→ Provided records
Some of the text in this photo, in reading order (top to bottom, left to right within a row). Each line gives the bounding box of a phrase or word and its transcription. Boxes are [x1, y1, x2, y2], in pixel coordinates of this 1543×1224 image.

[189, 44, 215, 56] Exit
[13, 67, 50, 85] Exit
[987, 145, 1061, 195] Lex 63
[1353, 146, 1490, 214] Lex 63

→ Goal of the exercise
Every line of the material above should be set down again exactly.

→ Task response
Some of the text in this photo, in reading order (top to bottom, left to right within a row). Each line gives the bounding box of a phrase or word and its transcription. Boxes are [x1, y1, x2, y2], in pixel coordinates of this 1543×1224 image.

[189, 44, 215, 56] Exit
[13, 67, 50, 85] Exit
[987, 145, 1061, 195] Lex 63
[1353, 146, 1490, 214] Lex 63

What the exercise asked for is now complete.